Una de las analogías más impactantes de Casta es la historia del hueso roto: si una persona sufre una fractura, pero nadie reconoce su dolor ni le brinda atención médica, el hueso puede sanar mal, dejando una cicatriz permanente. Wilkerson utiliza esta metáfora para ilustrar cómo las heridas históricas infligidas por las jerarquías de casta pueden persistir durante generaciones si no se abordan adecuadamente.
En el contexto de los guajiros, esta parábola cobra especial relevancia. Durante décadas, el Estado colombiano ha ignorado las demandas de esta comunidad, permitiendo que problemas como la falta de agua potable, la desnutrición infantil y la ausencia de servicios básicos se agraven. Estas “fracturas” no solo afectan a los wayúu en el presente, sino que también tienen consecuencias intergeneracionales, perpetuando un ciclo de pobreza y exclusión. Como señala Wilkerson, “las heridas no tratadas tienden a infectarse”, y esto es precisamente lo que ha ocurrido en La Guajira.

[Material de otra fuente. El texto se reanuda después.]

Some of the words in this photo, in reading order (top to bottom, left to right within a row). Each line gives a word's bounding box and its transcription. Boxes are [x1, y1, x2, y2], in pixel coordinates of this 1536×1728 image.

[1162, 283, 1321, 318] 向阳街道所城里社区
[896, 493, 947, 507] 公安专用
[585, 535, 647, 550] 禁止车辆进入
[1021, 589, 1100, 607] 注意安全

A pesar de estas cicatrices, Wilkerson ofrece un mensaje de esperanza: las jerarquías de casta no son inevitables. Pueden ser desmontadas a través de la empatía, la educación y la acción colectiva. En el caso de los guajiros, ya existen ejemplos inspiradores de resistencia y reinvención. Organizaciones indígenas han logrado visibilizar sus luchas en escenarios nacionales e internacionales, exigiendo justicia y reconocimiento. Las mujeres wayúu, en particular, han liderado iniciativas para preservar su cultura y generar ingresos a través de su arte textil, demostrando que es posible superar los roles impuestos por la sociedad.

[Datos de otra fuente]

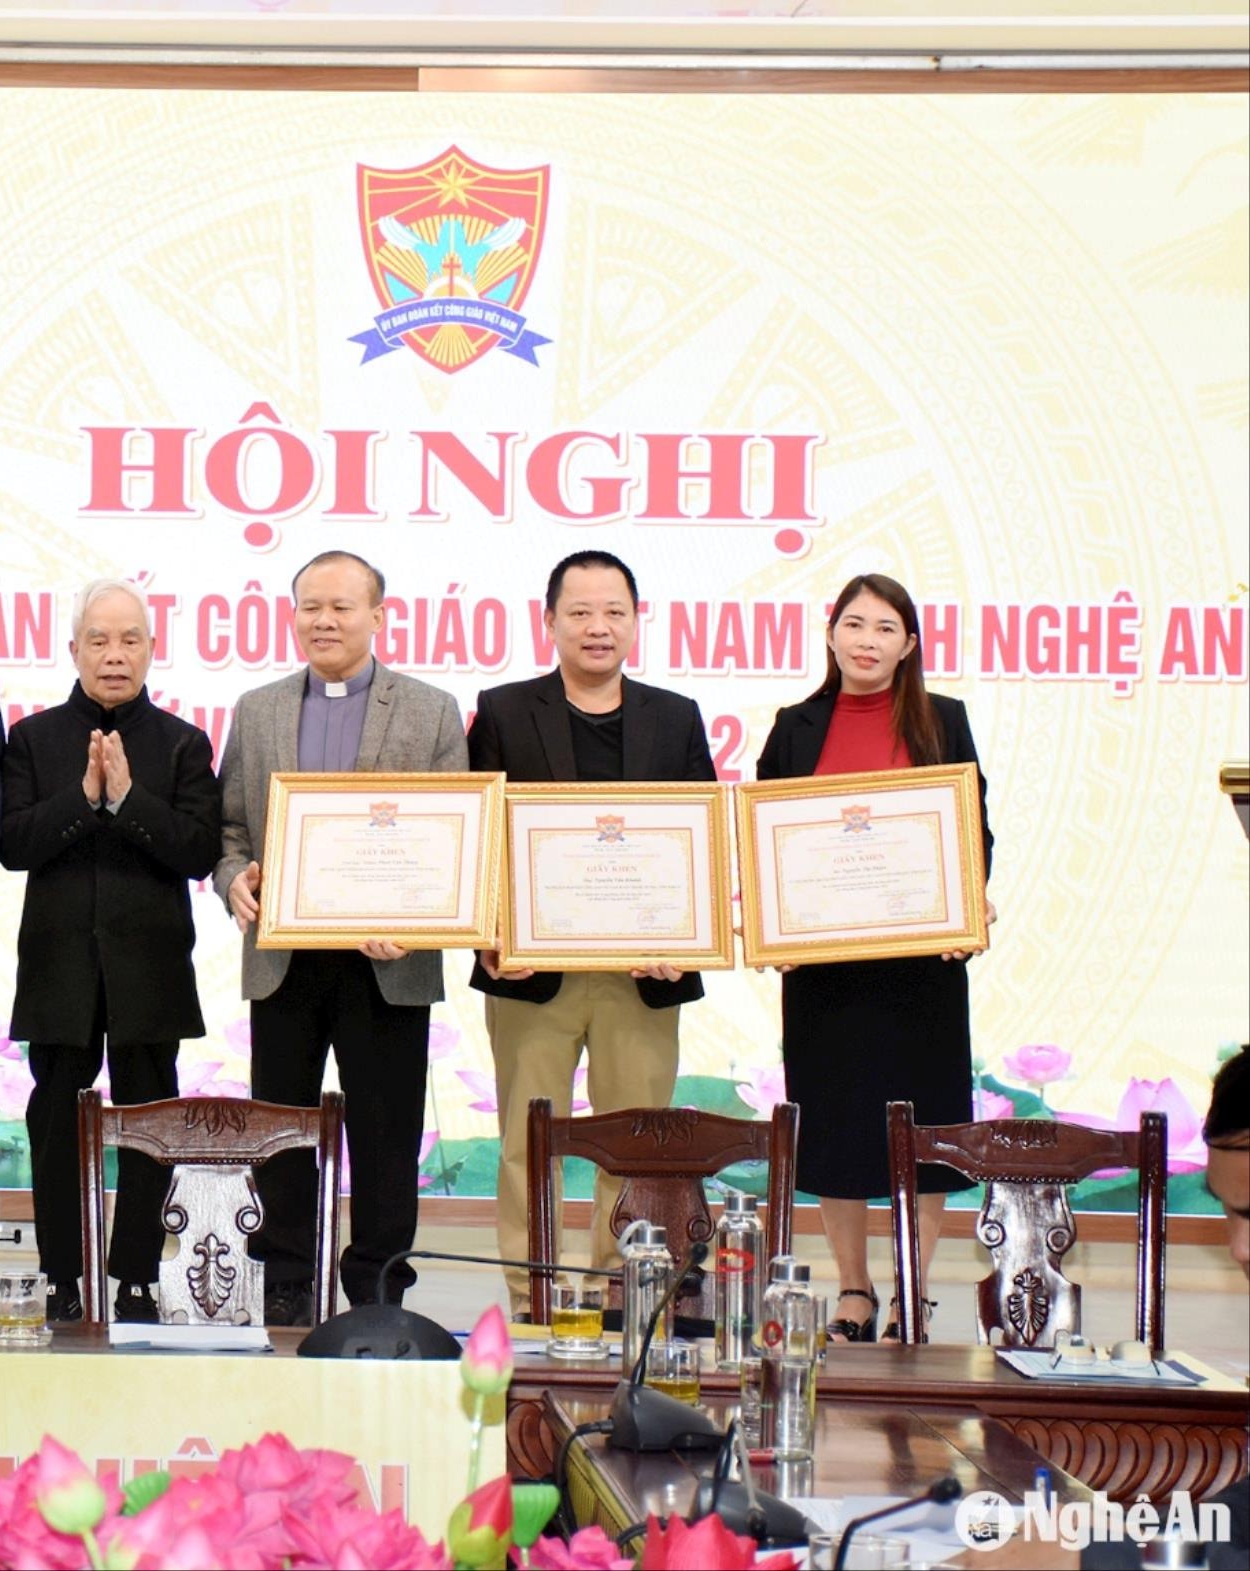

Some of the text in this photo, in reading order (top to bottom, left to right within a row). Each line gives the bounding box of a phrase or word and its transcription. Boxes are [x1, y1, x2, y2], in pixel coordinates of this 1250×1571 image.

[78, 401, 820, 554] HỘI NGHỊ
[375, 583, 507, 667] GIÁO
[669, 601, 803, 671] NAM
[980, 592, 1138, 690] NGHỆ
[1160, 608, 1244, 676] AN

Wilkerson nos recuerda que “la verdadera transformación requiere mirar hacia adentro y cuestionar nuestras propias creencias”. Para Colombia, esto significa reconocer el valor intrínseco de los guajiros no como meros símbolos folclóricos, sino como ciudadanos plenos con derechos y dignidad. Solo entonces podremos comenzar a sanar las fracturas que han debilitado nuestra sociedad y construir una nación más inclusiva.
Al igual que los dalits en la India y las comunidades afroamericanas en Estados Unidos, los guajiros de Colombia están luchando contra un sistema que los ha relegado a los márgenes de la historia. Inspirados por las enseñanzas de Casta, podemos ver que esta lucha no es solo suya, sino de todos nosotros. Como escribió Wilkerson, “la casta nos afecta a todos, porque define quiénes somos y quiénes podemos llegar a ser”.
Reconocer a los guajiros como protagonistas de su propia historia no solo es un acto de justicia, sino también una oportunidad para repensar quiénes somos como país. Porque, al final, una sociedad verdaderamente democrática no puede avanzar dejando atrás a quienes más lo necesitan.